Guild Education, which pairs employees with employer-sponsored learning opportunities, has raised $150 million in a Series E round. The financing event, funded by Bessemer Venture Partners, Cowboy Ventures, D1, Emerson Collective, General Catalyst, GSV, Harrison Metal, ICONIQ, Redpoint and Salesforce Ventures, values the company at $3.75 billion.
With the money, Guild plans to grow its coaching team, expand its learning marketplaces with more short-term certificate opportunities and double down on its outreach with historically Black colleges and universities. The cash comes at a time when lifelong learning — the concept that students learn and up-skill beyond early adulthood — is becoming more mainstream of a concept in edtech.
But Guild CEO and co-founder Rachel Carlson, who started the company in 2015 with classmate Brittany Stich, warned that lifelong learning post-pandemic isn’t a simple goal.
“I’m sort of tone deaf to the buzz because I think there are just cyclical, weird spins that happen in Silicon Valley tied to attention span on big critical issues like healthcare, climate and education,” she said. “But the challenge is, and I even hesitate to call it an opportunity because it’s really more of the problem, is insane.”
Carlson estimates that there will be 3 million cashiers out of work, 2.5 million women who dropped out of work and 3 million baby boomers who dropped out before retirement age because of lack of skills. Factoring in other disadvantaged populations such as low-income students or rural communities, the founder thinks that the “buzz” around lifelong learning isn’t solving its core issue.
“I’m really worried that America needs to wake up to the problem,” she said.
Guild works with three different stakeholders: employees, employers and colleges. The up-skilling platform partners with large employers, such as Walmart, Chipotle and The Walt Disney Company, as well as low-cost universities, bootcamps and learning providers. Then, it offers a marketplace for students to choose content, giving them optionality to pick which skills will best prepare them for the future.
Guild’s landing page for Walmart advertises the low-cost of school for working adults, emphasizing the company’s education benefit and possible impact it can have on career trajectory. In Walmart’s case, the workers are asked to make a $365 annual contribution toward tuition, or pay $1 a day. At Chipotle, another Guild customer, 100% of tuition is covered by the employer.

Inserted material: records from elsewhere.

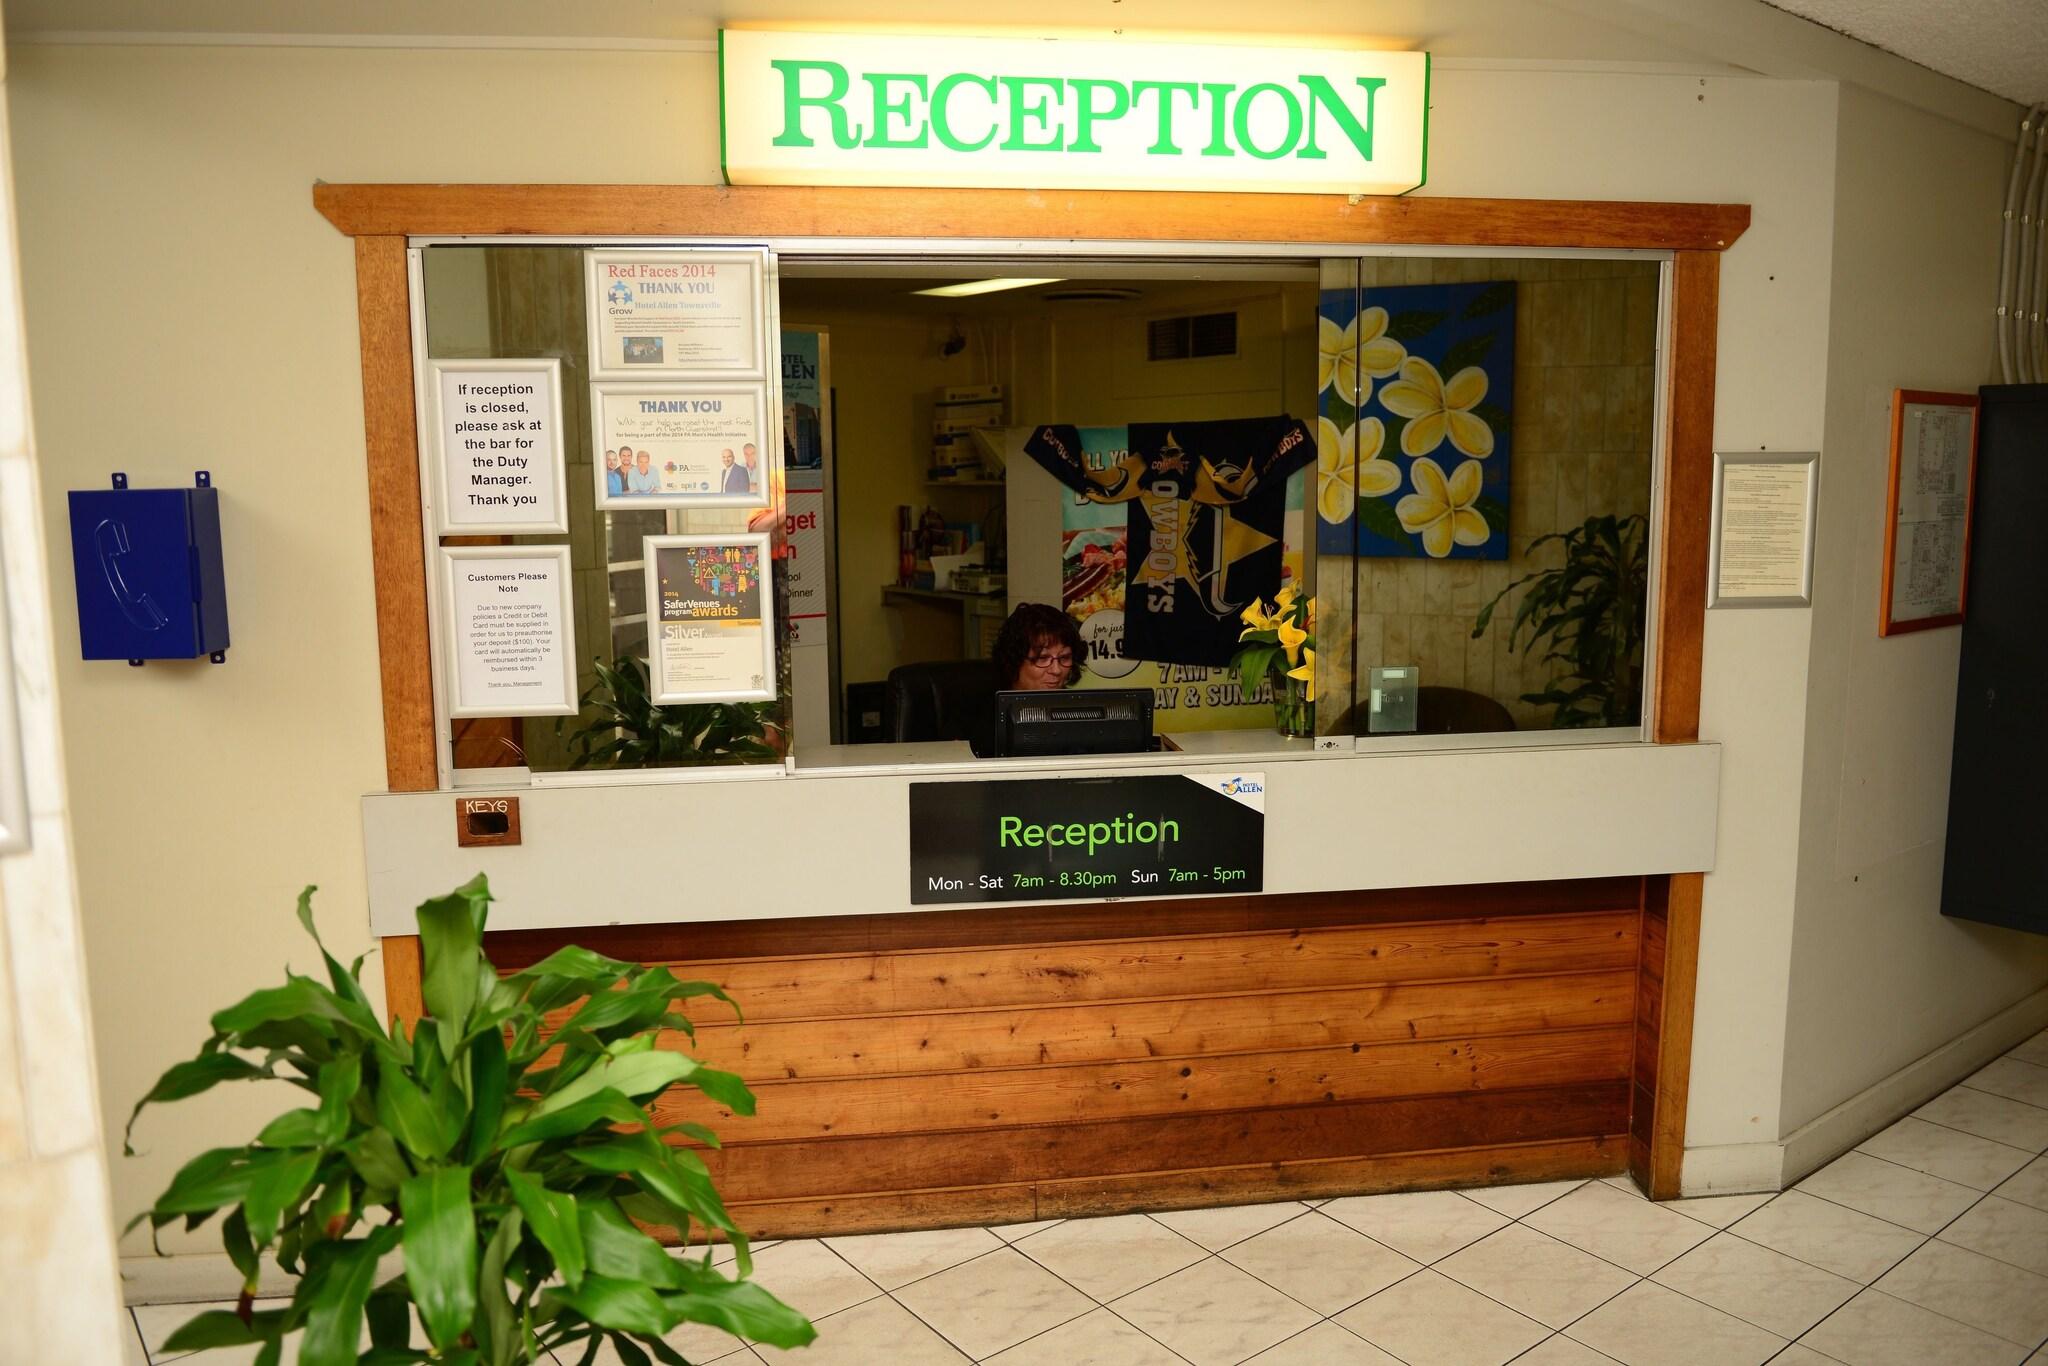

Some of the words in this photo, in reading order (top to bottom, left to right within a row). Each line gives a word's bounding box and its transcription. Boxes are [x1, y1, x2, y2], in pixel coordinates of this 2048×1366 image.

[771, 59, 1387, 162] RECEPTION
[608, 264, 636, 278] Red
[640, 264, 679, 278] Faces
[682, 264, 717, 278] 2014
[637, 282, 684, 294] THANK
[688, 282, 715, 294] YOU
[609, 307, 633, 315] Grow
[635, 301, 656, 309] Hotel
[658, 301, 678, 309] Allen
[458, 384, 467, 395] If
[471, 384, 533, 397] reception
[466, 403, 477, 413] is
[481, 402, 529, 414] closed,
[639, 401, 688, 413] THANK
[692, 400, 722, 412] YOU
[455, 421, 498, 434] please
[502, 420, 525, 431] ask
[529, 420, 542, 430] at
[465, 439, 486, 449] the
[490, 438, 511, 449] bar
[515, 438, 534, 448] for
[473, 457, 494, 467] the
[498, 456, 528, 469] Duty
[472, 475, 532, 487] Manager.
[468, 494, 509, 505] Thank
[513, 495, 537, 507] you
[468, 573, 516, 582] Customers
[518, 572, 548, 581] Please
[498, 585, 519, 593] Note
[514, 604, 542, 612] company
[664, 600, 721, 609] SaferVenues
[473, 613, 496, 621] policies
[516, 621, 541, 629] supplied
[514, 629, 553, 638] preauthorise
[665, 625, 705, 640] Silver
[488, 639, 511, 647] deposit
[501, 647, 541, 656] automatically
[483, 656, 518, 664] reimbursed
[1184, 686, 1201, 708] &
[466, 800, 508, 814] KEYS
[1000, 813, 1180, 856] Reception
[928, 877, 963, 891] Mon
[979, 875, 1004, 889] Sat
[1013, 874, 1044, 888] 7am
[1059, 871, 1117, 890] 8.30pm
[1131, 869, 1159, 884] Sun
[1168, 868, 1198, 882] 7am
[1213, 867, 1246, 884] 5pm

A platform like Guild helps employers keep talent in the pipeline and offer a solid benefit: paid education for their employees. The startup connects employers with these learning providers, and then takes a cut of tuition revenue as its core business model.

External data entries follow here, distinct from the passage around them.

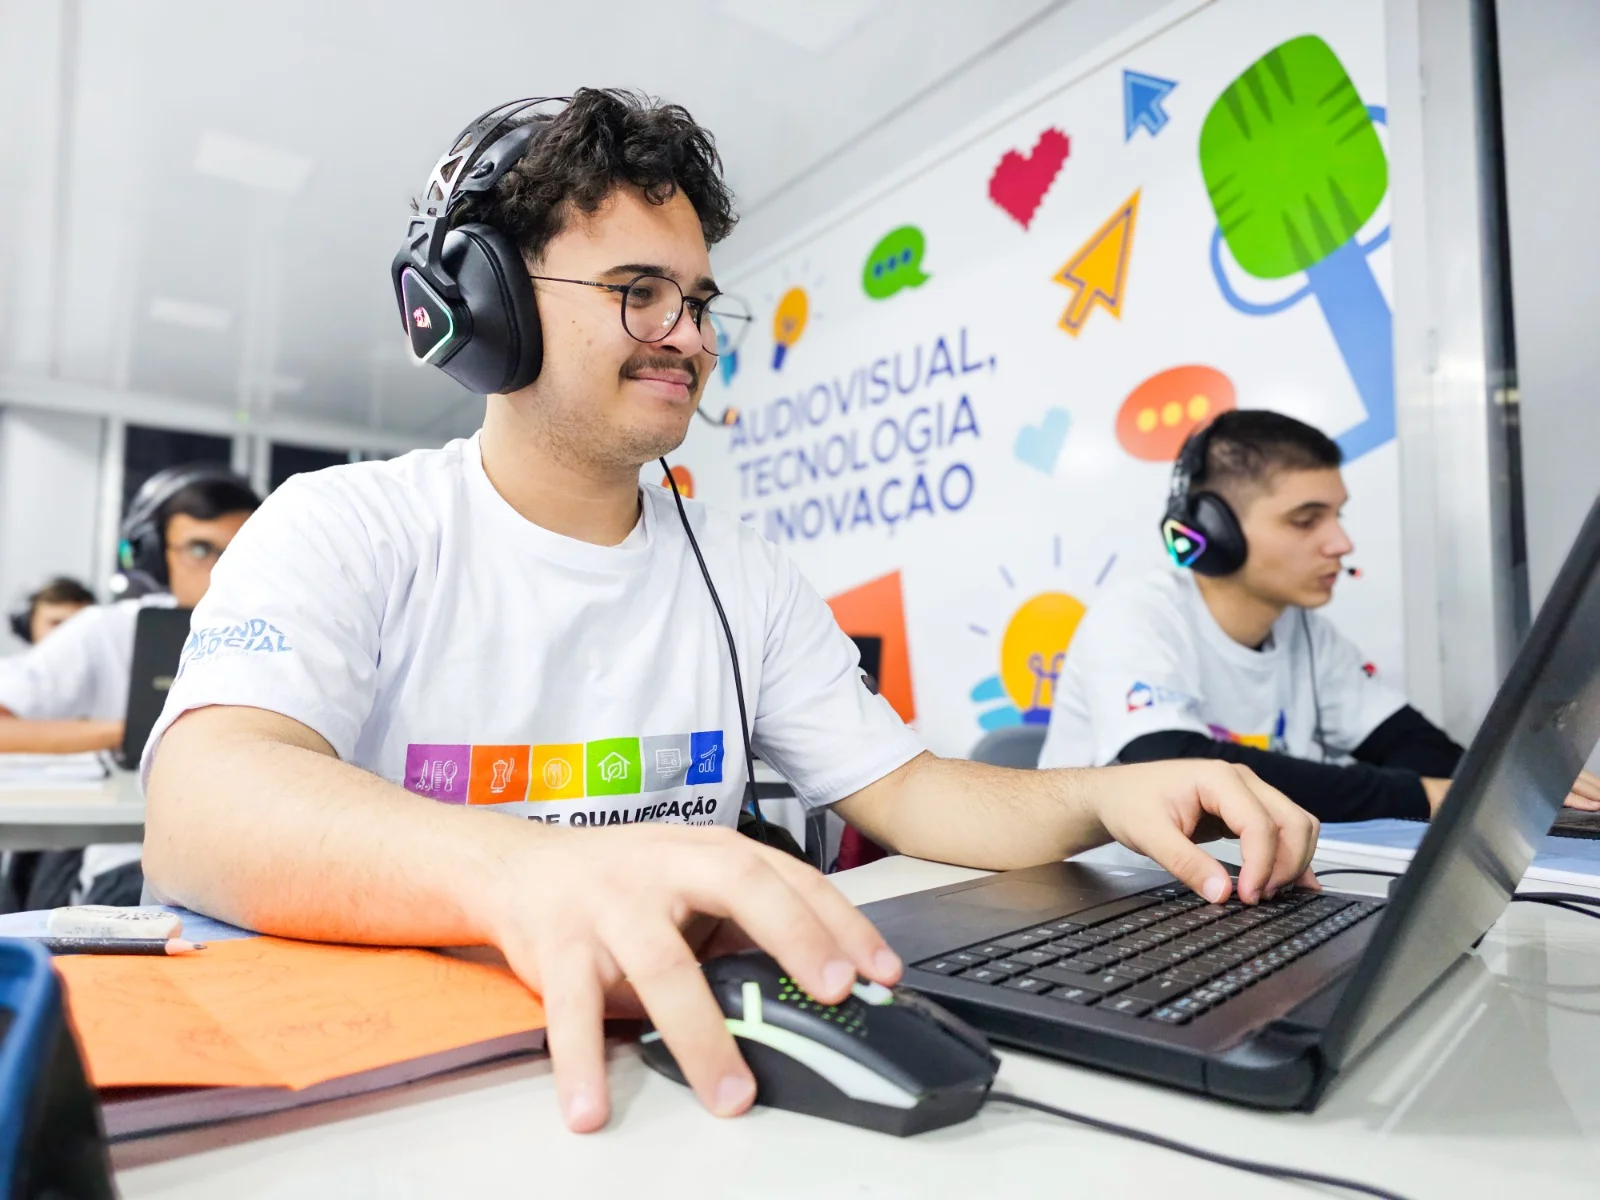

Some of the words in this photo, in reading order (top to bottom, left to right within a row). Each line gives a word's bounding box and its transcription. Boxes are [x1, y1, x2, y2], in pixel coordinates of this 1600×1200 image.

[730, 327, 997, 453] AUDIOVISUAL,
[737, 394, 980, 500] TECNOLOGIA
[764, 457, 974, 544] INOVAÇÃO
[190, 635, 292, 660] SOCIAL
[569, 796, 717, 828] QUALIFICAÇÃO

While Carlson declined to share revenue or profitability, she did confirm that Guild has more than doubled its revenue since COVID began last March. She estimates that more than 4 million Americans have access to Guild through their employer.
The up-skilling world is crowded, with platforms like Udemy, Coursera, Degreed and others all competing to help students get better employment opportunities. Guild sits in a niche spot, by helping those employed, stay employed. Or as Carlson puts it, taking people out of today’s job, for tomorrow’s job.

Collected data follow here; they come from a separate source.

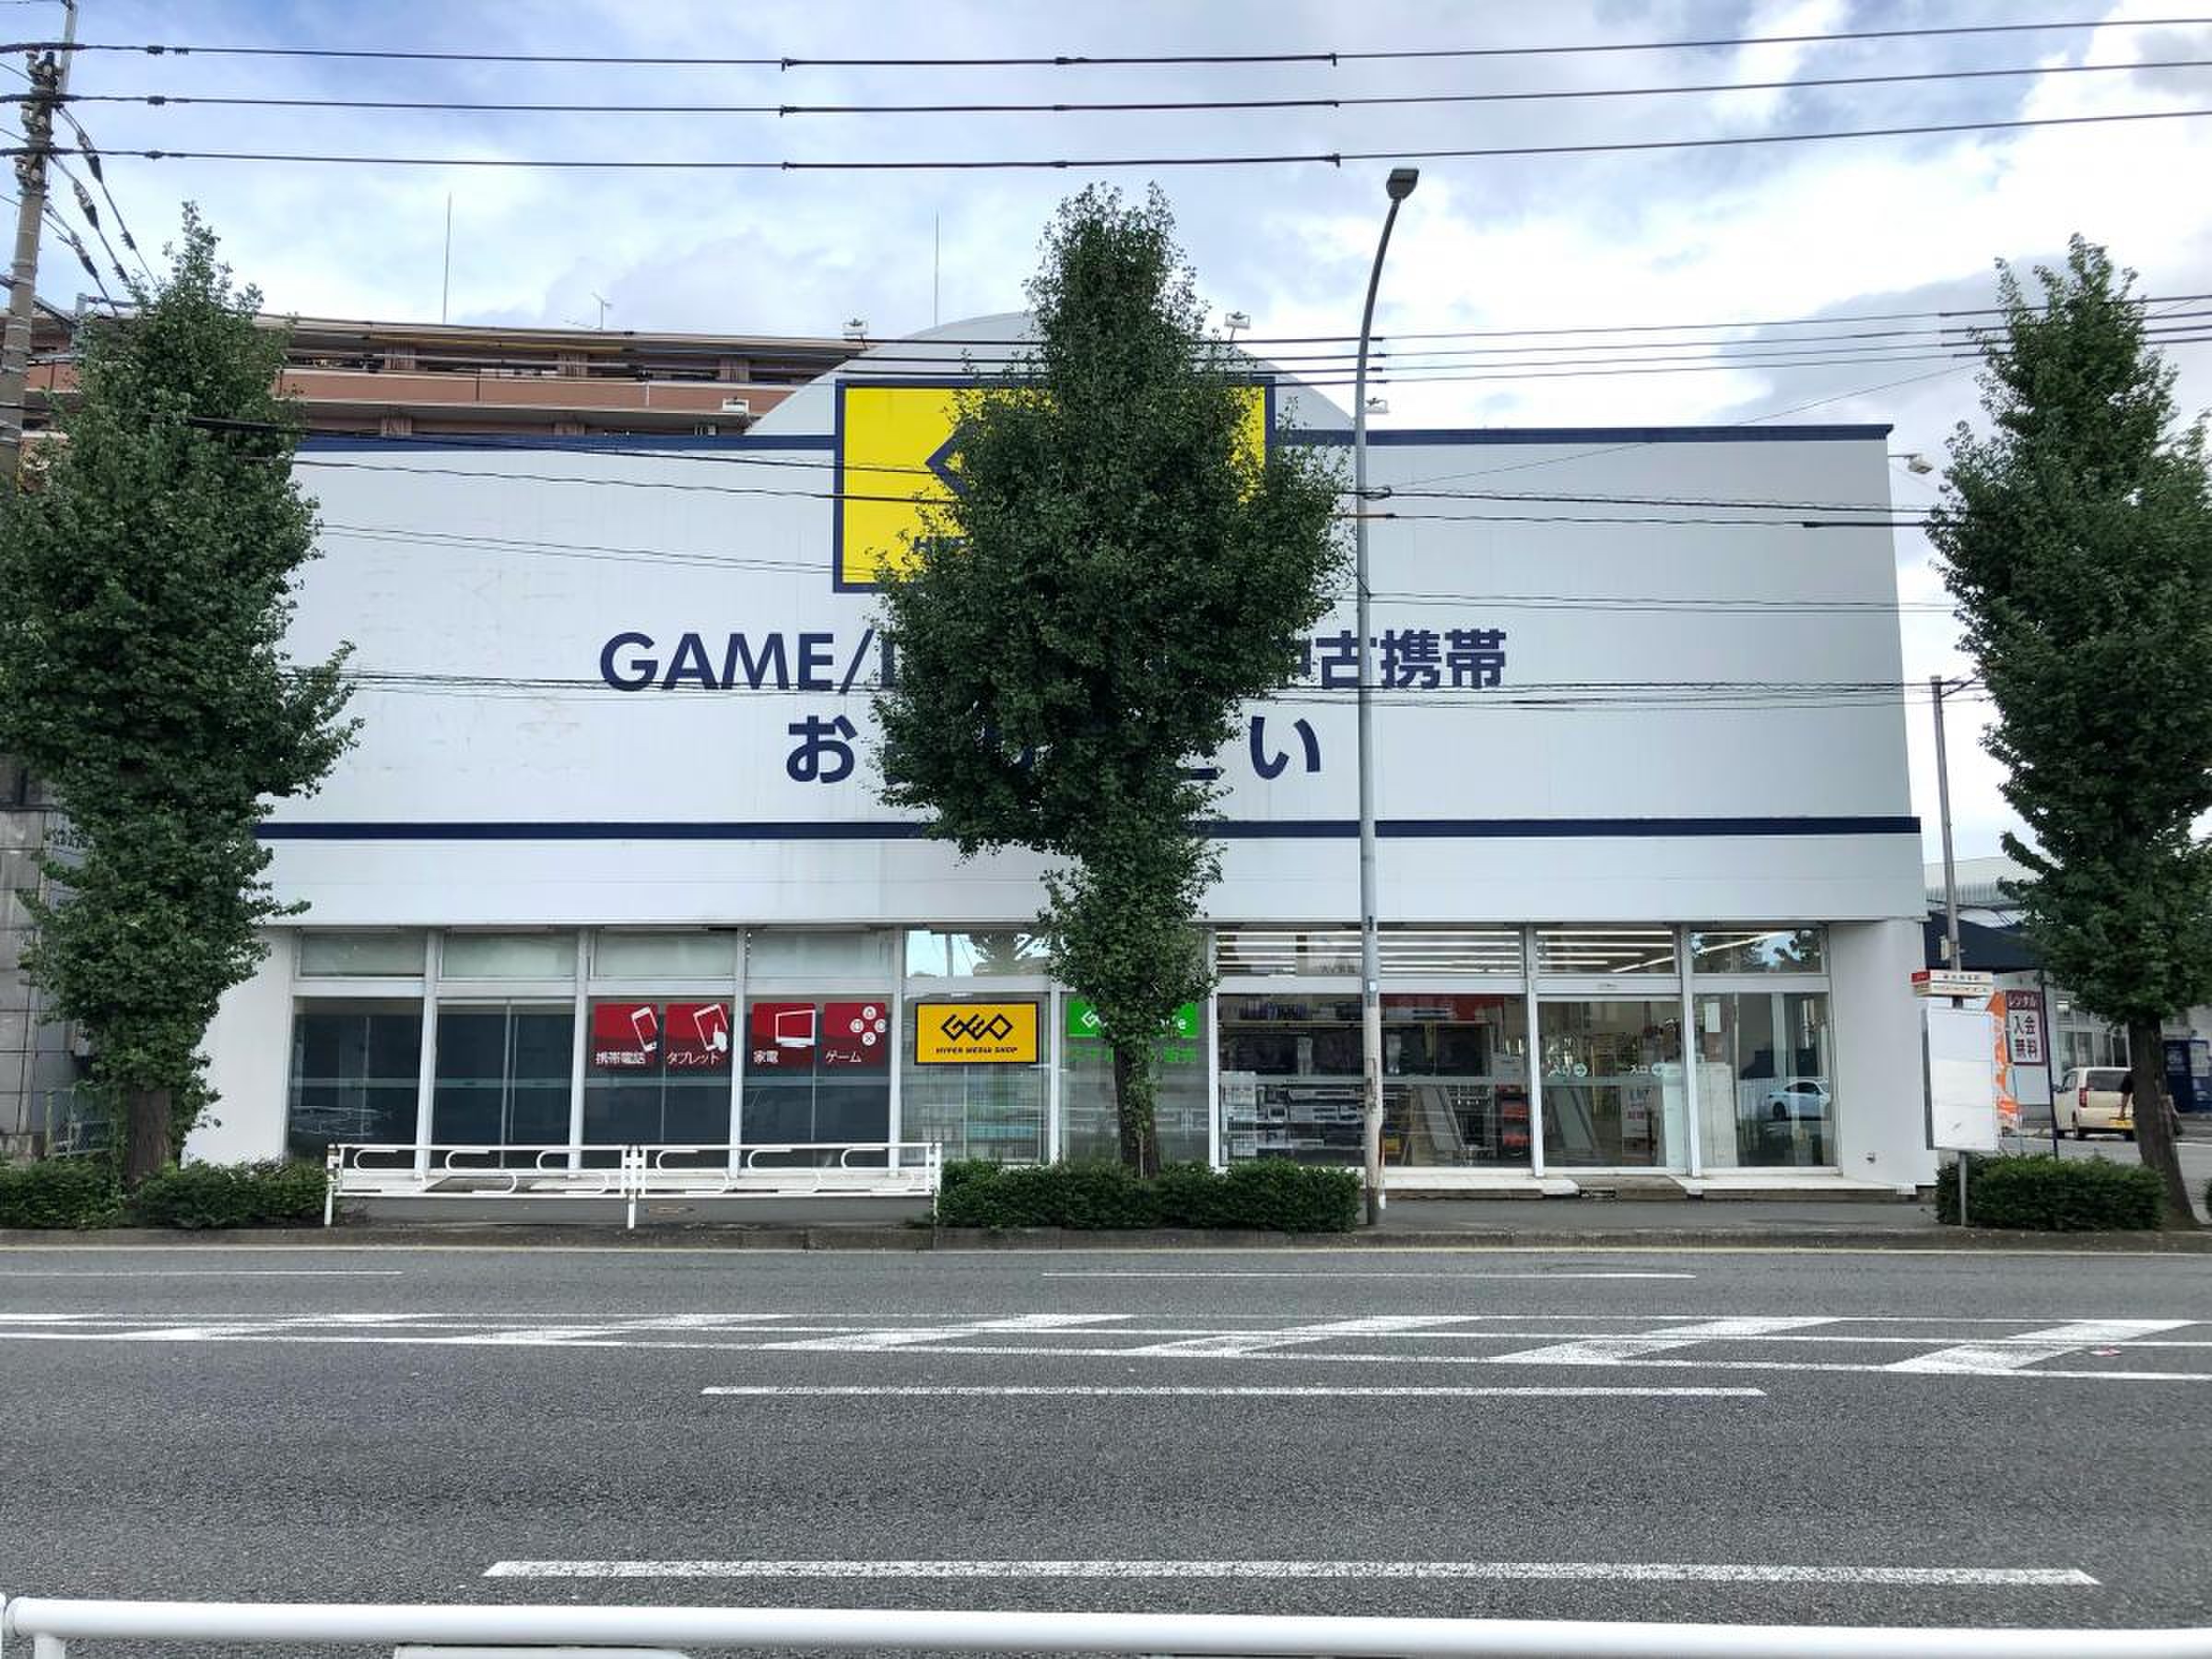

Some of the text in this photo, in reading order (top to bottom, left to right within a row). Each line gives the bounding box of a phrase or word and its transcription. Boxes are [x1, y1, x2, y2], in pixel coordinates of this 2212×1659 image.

[941, 1013, 1013, 1041] GEO
[595, 1051, 646, 1065] 携帯電話
[666, 1051, 720, 1065] タブレット
[752, 1050, 779, 1064] 家電
[825, 1050, 862, 1064] ゲーム

While the competition is steep, the co-founder thinks their angle prepares them well for the lifelong learning movement and changing tides of employment in the country.
“The data that’s flowing through our pipes is helping us have a more robust picture of the working adult learner than anyone else in the country,” she said. “We have more of a robust picture about the data that sits on both the education and the employment side of the aisle.”